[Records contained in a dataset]
-----
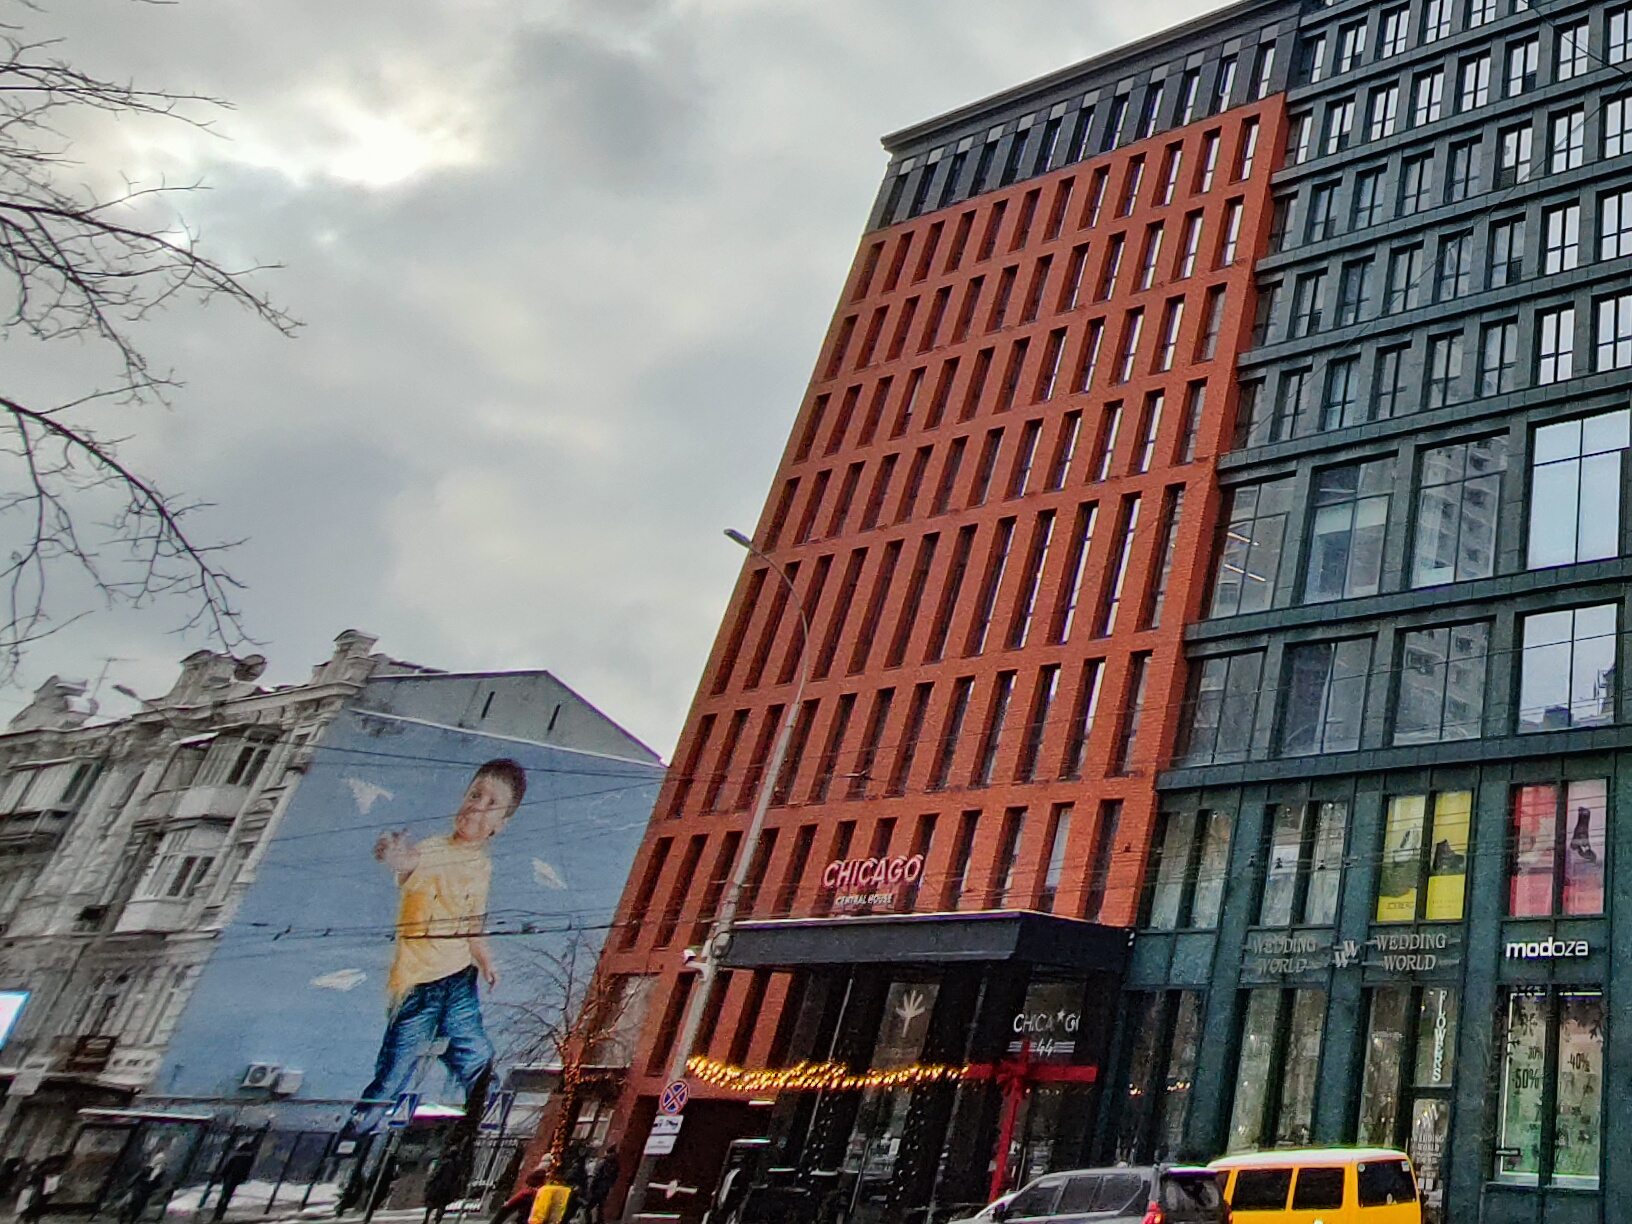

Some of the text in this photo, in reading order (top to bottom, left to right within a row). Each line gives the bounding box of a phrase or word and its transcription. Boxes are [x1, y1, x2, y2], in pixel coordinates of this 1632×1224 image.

[823, 854, 924, 887] CHICAGO
[868, 893, 893, 905] HOUSE
[1253, 937, 1316, 954] WEDDING
[1376, 933, 1447, 951] WEDDING
[1506, 936, 1589, 958] modoza
[1259, 958, 1308, 975] WORLD
[1383, 955, 1437, 971] WORLD
[1433, 990, 1447, 1082] FLOWERS
[1036, 1038, 1053, 1057] 44
[1512, 1068, 1540, 1089] -50%
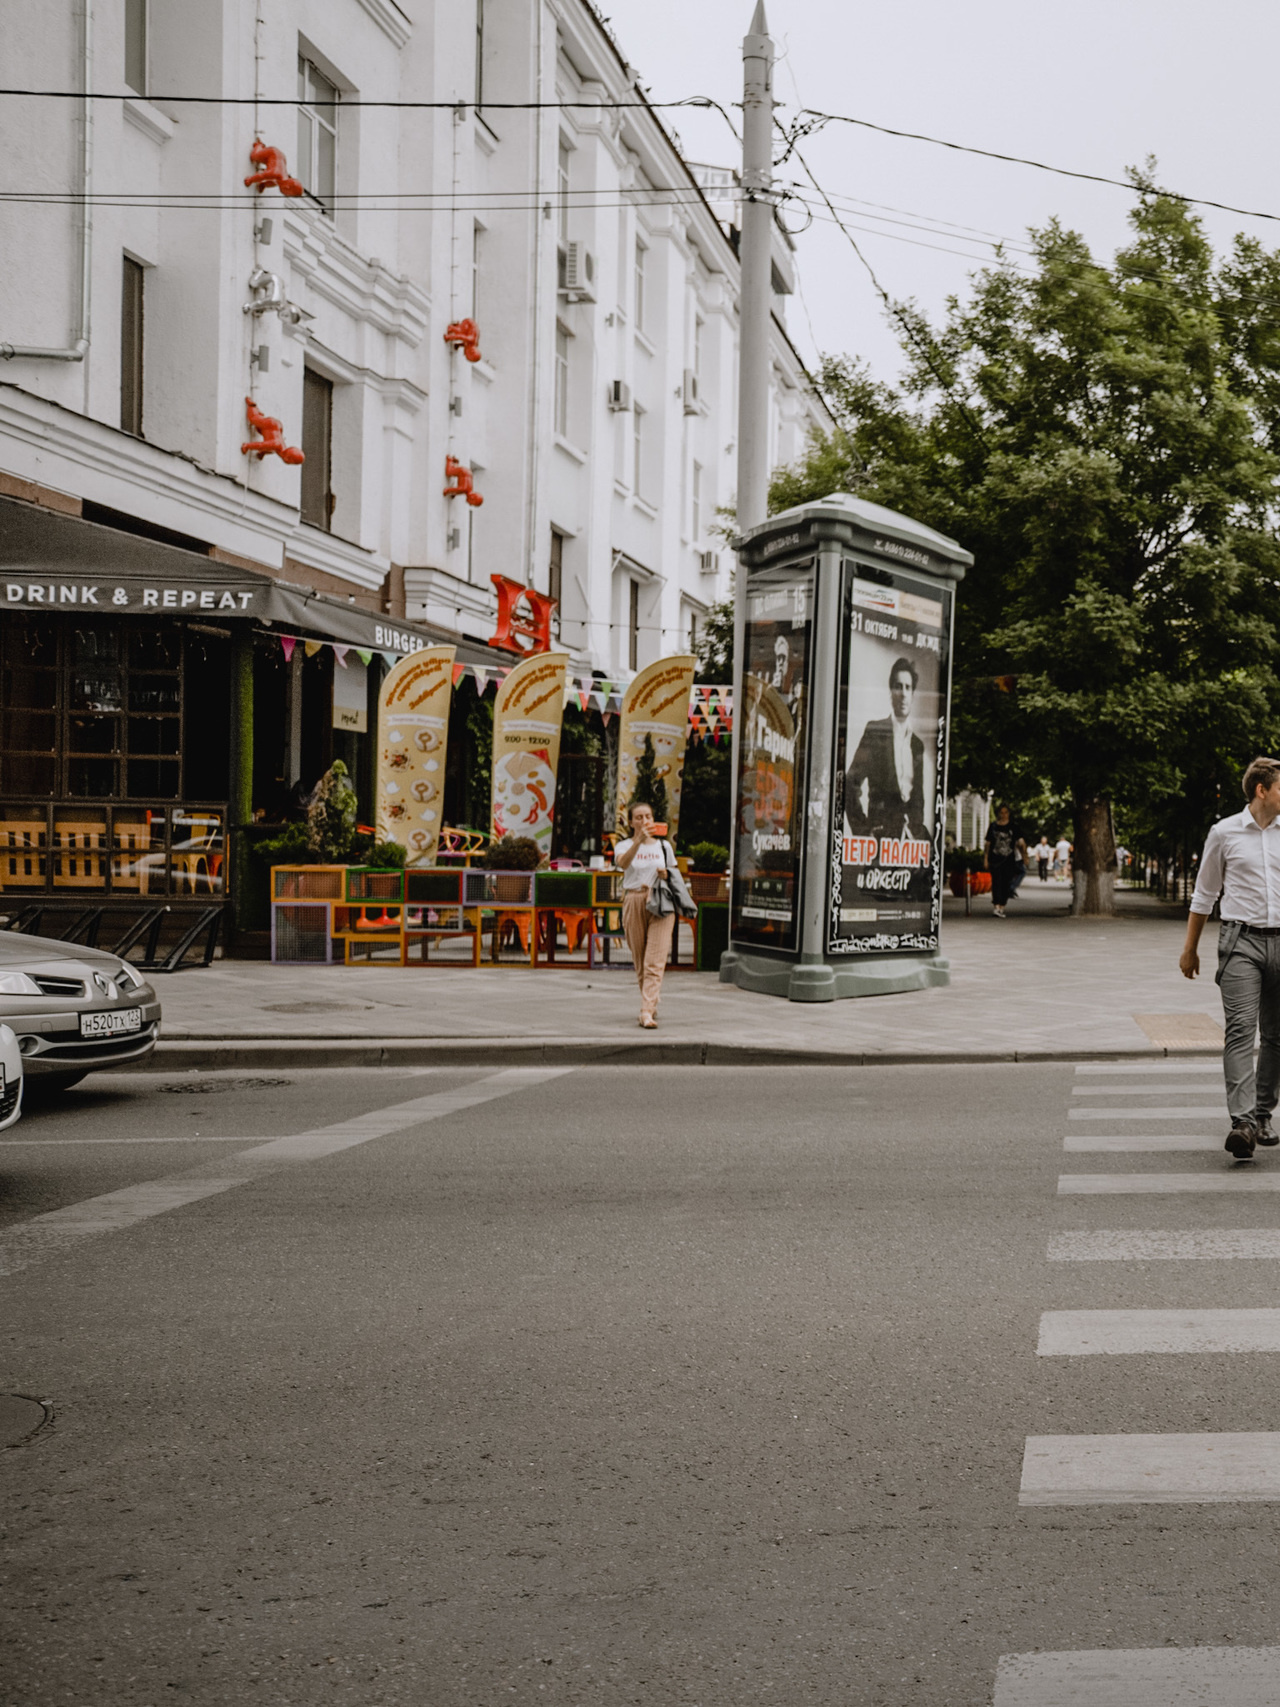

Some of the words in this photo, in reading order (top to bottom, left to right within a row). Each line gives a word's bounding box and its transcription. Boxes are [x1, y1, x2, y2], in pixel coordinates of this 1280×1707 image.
-----
▶ **Work instruction**:
Give the records again exactly, minus the pictures.

▶ **Response to the exercise**:
Some of the text in this photo, in reading order (top to bottom, left to right within a row). Each line gives the bounding box of a phrase or word and its transcription. Boxes are [x1, y1, x2, y2], in pixel coordinates of this 1632×1224 image.

[823, 854, 924, 887] CHICAGO
[868, 893, 893, 905] HOUSE
[1253, 937, 1316, 954] WEDDING
[1376, 933, 1447, 951] WEDDING
[1506, 936, 1589, 958] modoza
[1259, 958, 1308, 975] WORLD
[1383, 955, 1437, 971] WORLD
[1433, 990, 1447, 1082] FLOWERS
[1036, 1038, 1053, 1057] 44
[1512, 1068, 1540, 1089] -50%

Some of the words in this photo, in reading order (top to bottom, left to right within a row). Each line gives a word's bounding box and its transcription. Boxes are [x1, y1, x2, y2], in pixel coordinates of this 1280×1707 image.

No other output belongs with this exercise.